This exercise calls for retyping every line below exactly, with the images omitted.

----------

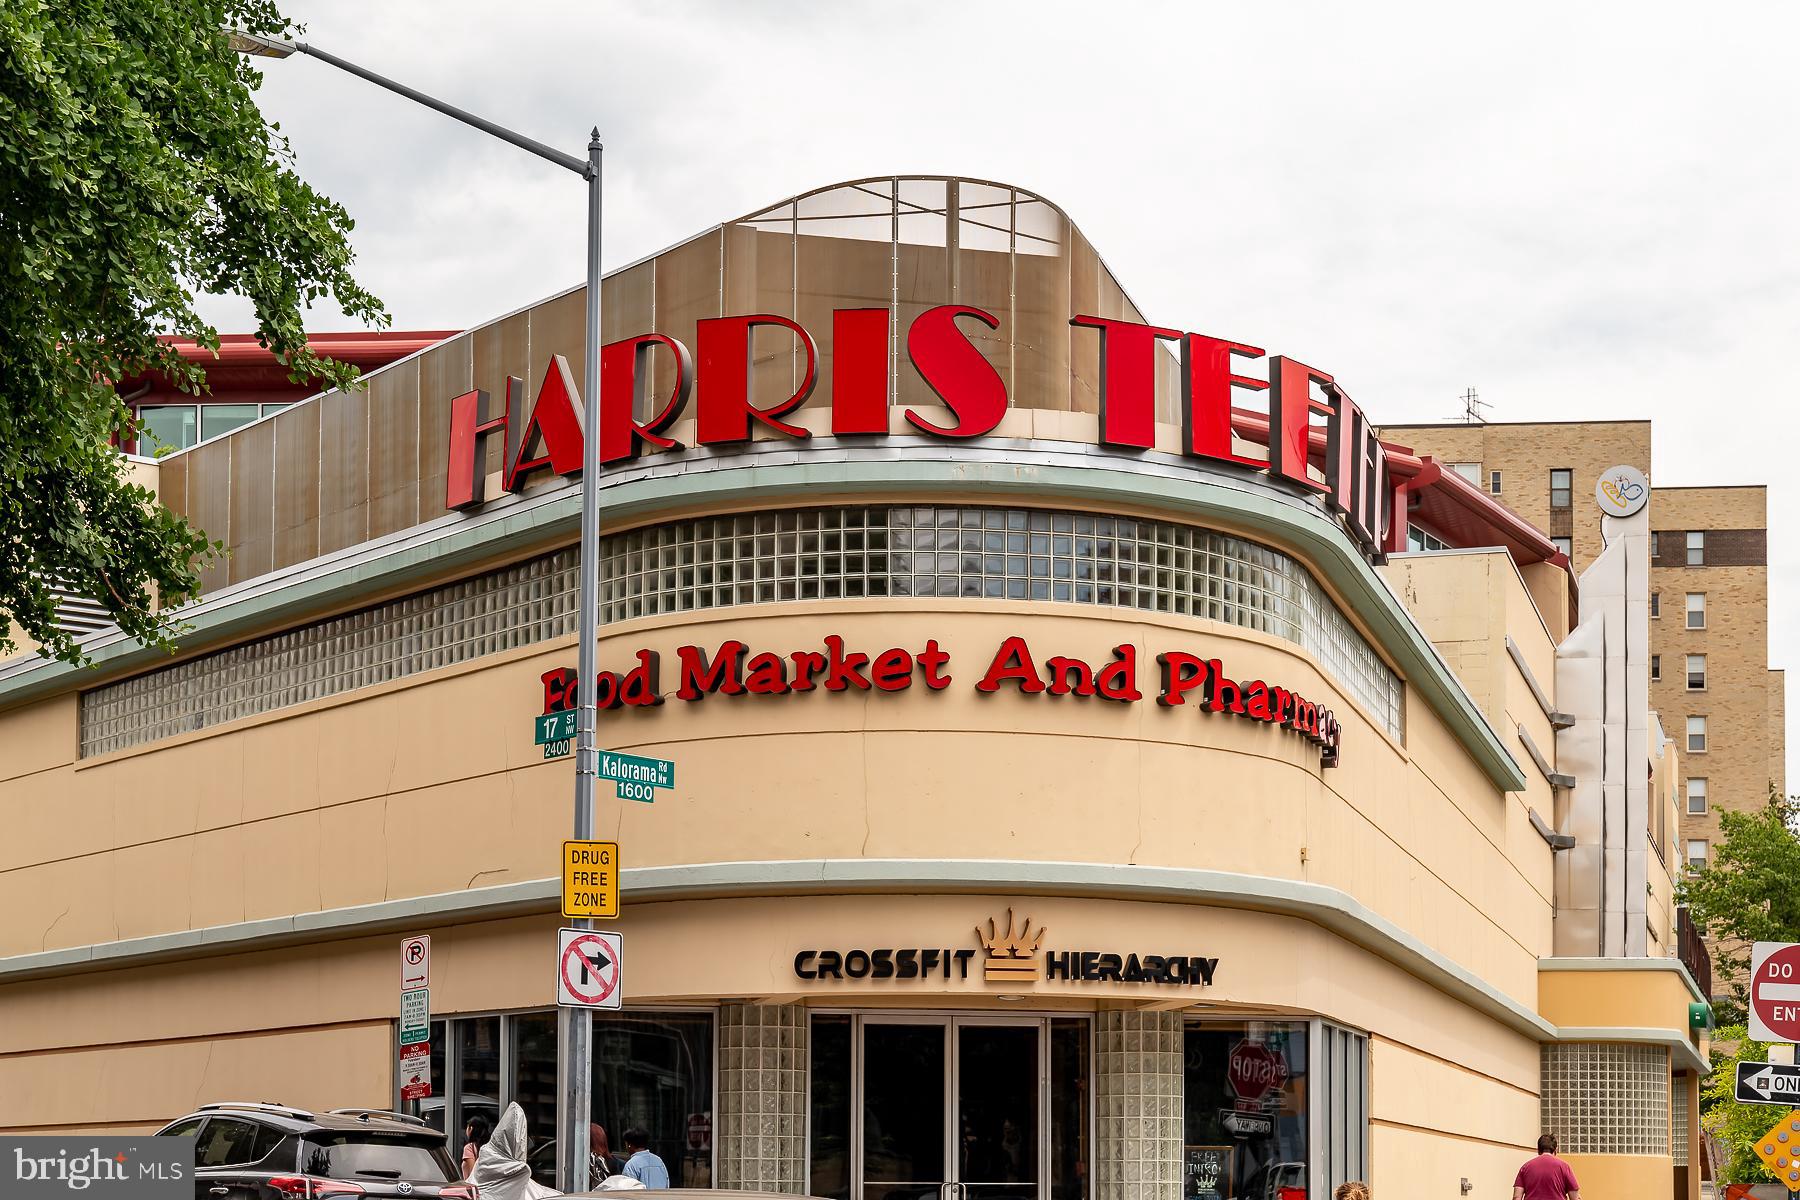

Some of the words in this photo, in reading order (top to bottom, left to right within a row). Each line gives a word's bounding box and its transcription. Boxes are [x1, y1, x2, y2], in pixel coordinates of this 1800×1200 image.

[446, 304, 1009, 511] HARRIS
[676, 634, 952, 701] Market
[976, 636, 1142, 702] And
[1156, 651, 1342, 769] Pharmacy
[543, 717, 558, 739] 17
[566, 713, 575, 724] ST
[565, 724, 575, 735] NW
[544, 739, 570, 757] 2400
[602, 754, 657, 783] Kalorama
[658, 761, 668, 773] Rd
[618, 781, 654, 801] 1600
[571, 850, 610, 865] DRUG
[573, 871, 608, 887] FREE
[574, 892, 607, 907] ZONE
[794, 948, 976, 980] CROSSFIT
[1046, 950, 1220, 987] HIERARCHY
[1768, 962, 1793, 978] DO
[403, 994, 413, 1003] TWO
[406, 999, 424, 1008] PARKING
[1773, 1006, 1800, 1021] EN
[403, 1050, 427, 1059] PARKING
[1774, 1076, 1800, 1093] ON
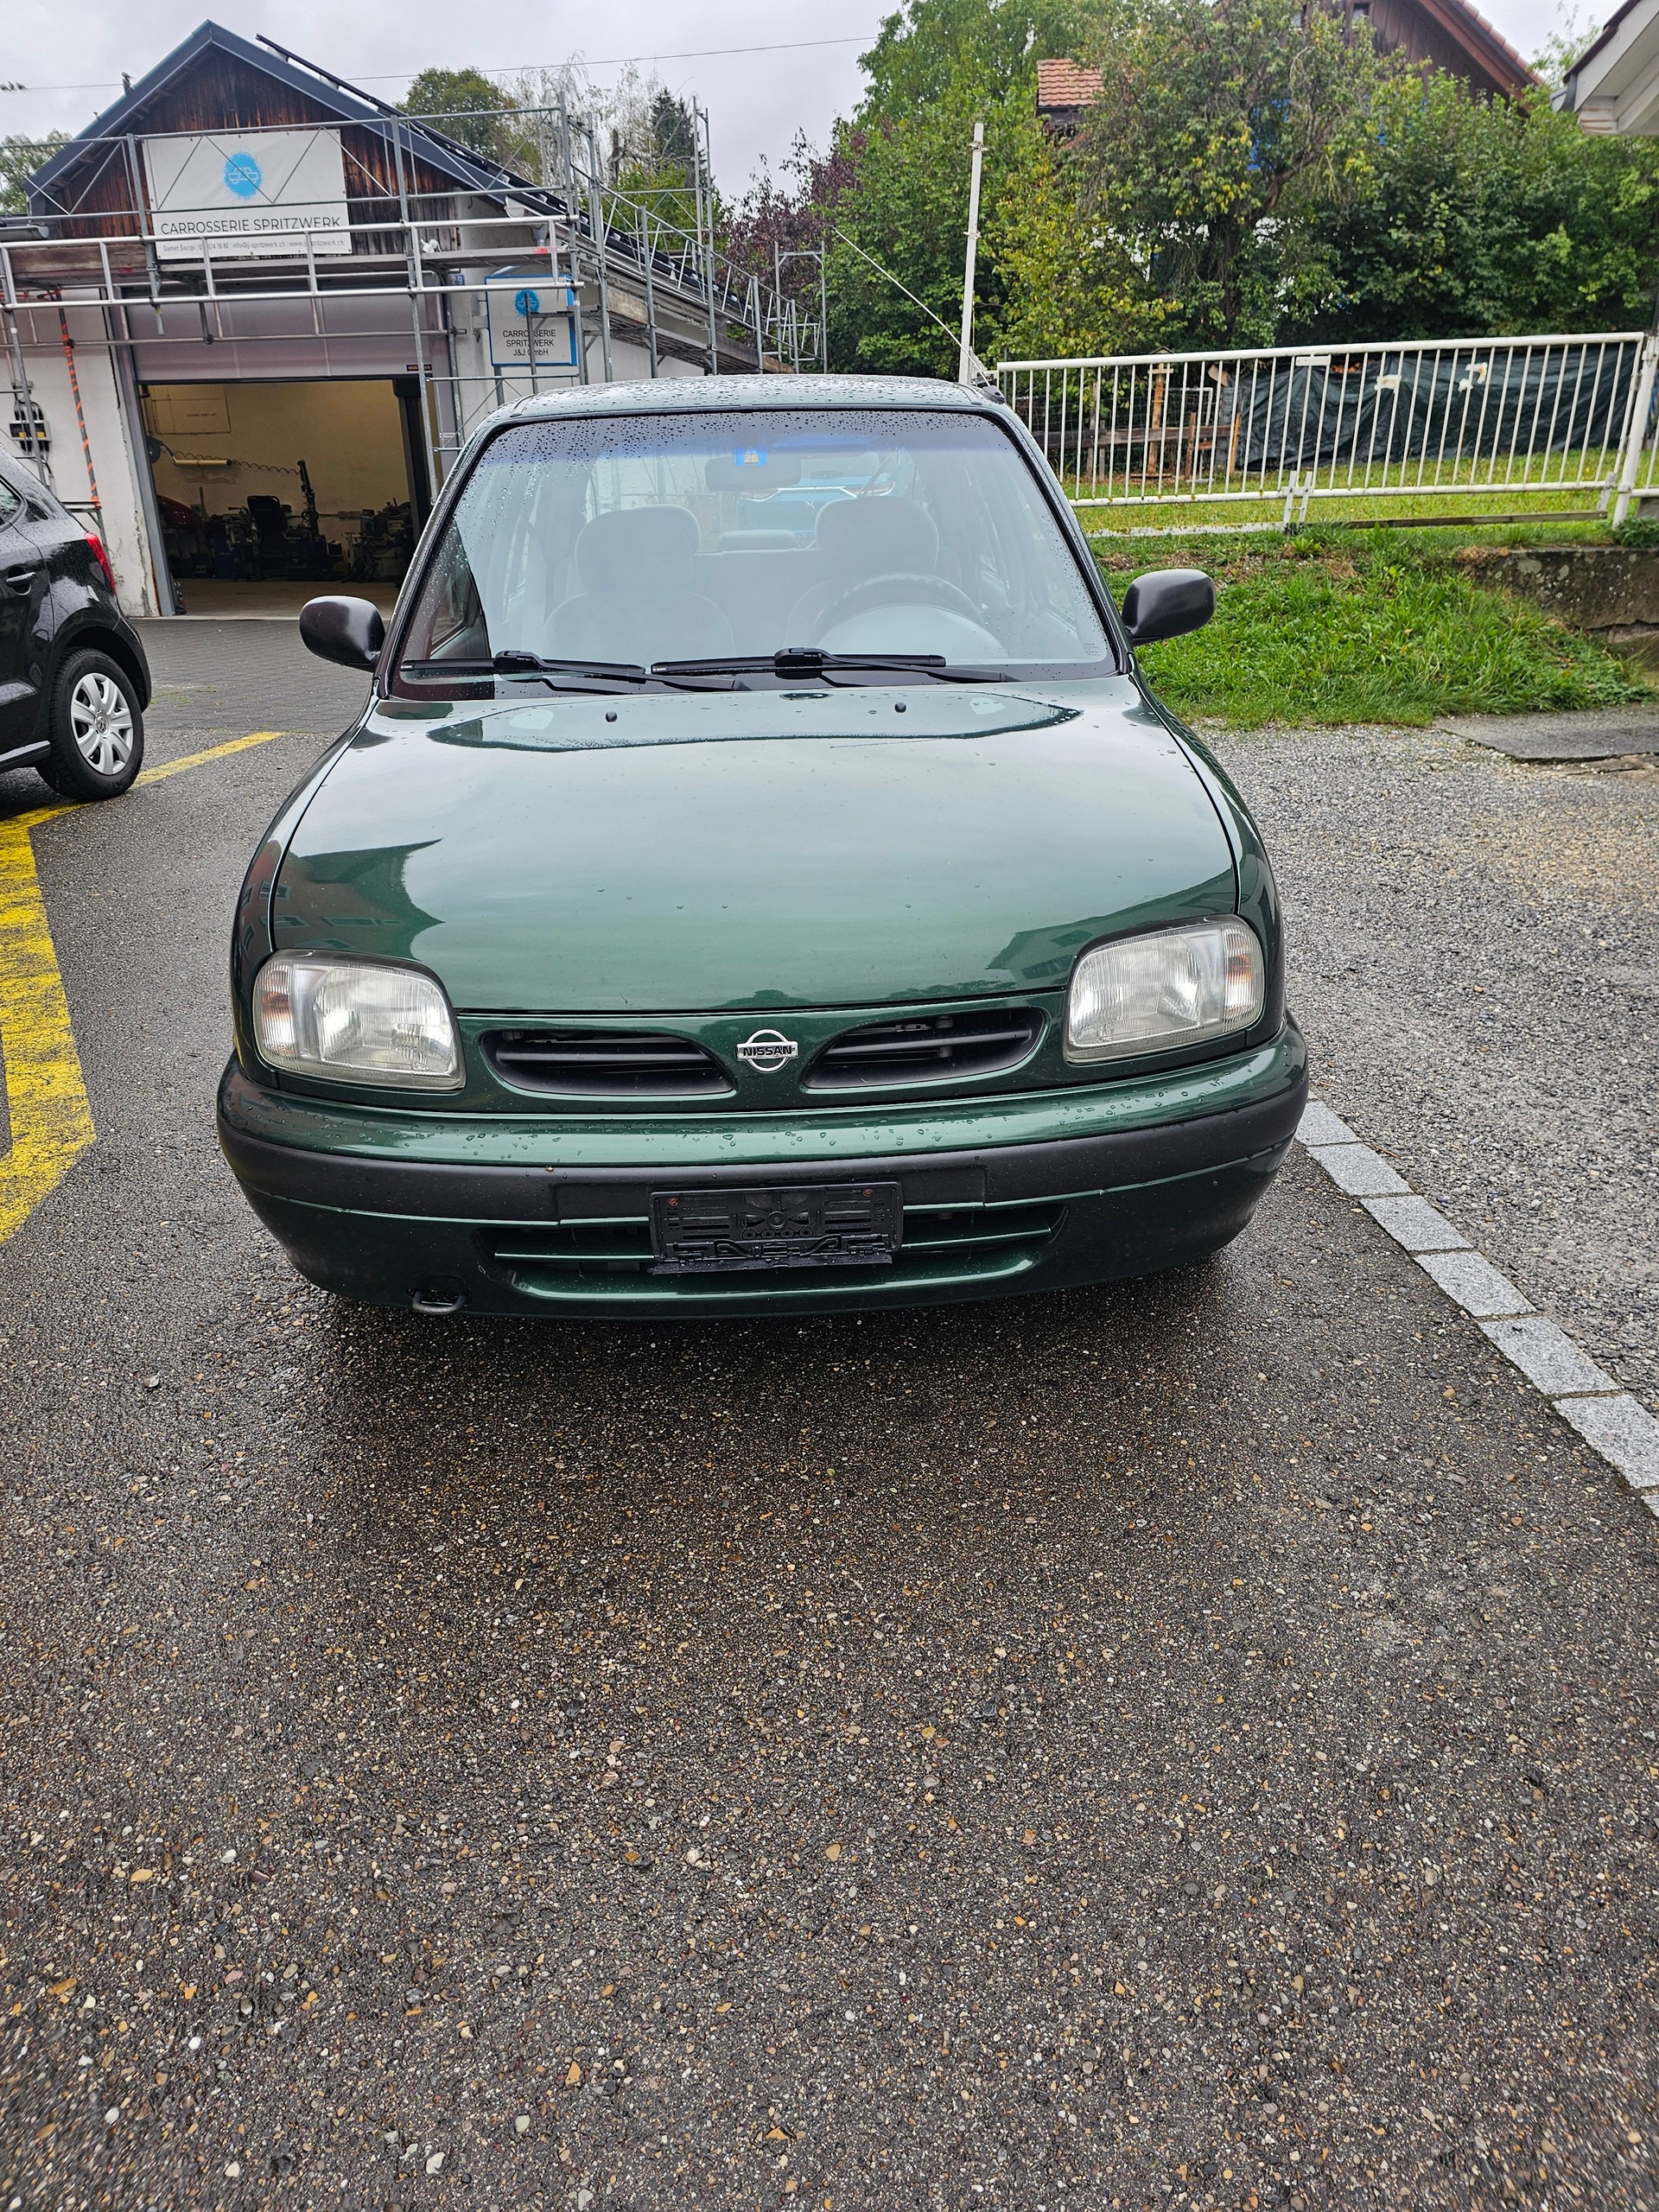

----------

- **Your solution**:
Some of the words in this photo, in reading order (top to bottom, left to right within a row). Each line gives a word's bounding box and its transcription. Boxes are [x1, y1, x2, y2], in pixel coordinates of this 1800×1200 image.

[446, 304, 1009, 511] HARRIS
[676, 634, 952, 701] Market
[976, 636, 1142, 702] And
[1156, 651, 1342, 769] Pharmacy
[543, 717, 558, 739] 17
[566, 713, 575, 724] ST
[565, 724, 575, 735] NW
[544, 739, 570, 757] 2400
[602, 754, 657, 783] Kalorama
[658, 761, 668, 773] Rd
[618, 781, 654, 801] 1600
[571, 850, 610, 865] DRUG
[573, 871, 608, 887] FREE
[574, 892, 607, 907] ZONE
[794, 948, 976, 980] CROSSFIT
[1046, 950, 1220, 987] HIERARCHY
[1768, 962, 1793, 978] DO
[403, 994, 413, 1003] TWO
[406, 999, 424, 1008] PARKING
[1773, 1006, 1800, 1021] EN
[403, 1050, 427, 1059] PARKING
[1774, 1076, 1800, 1093] ON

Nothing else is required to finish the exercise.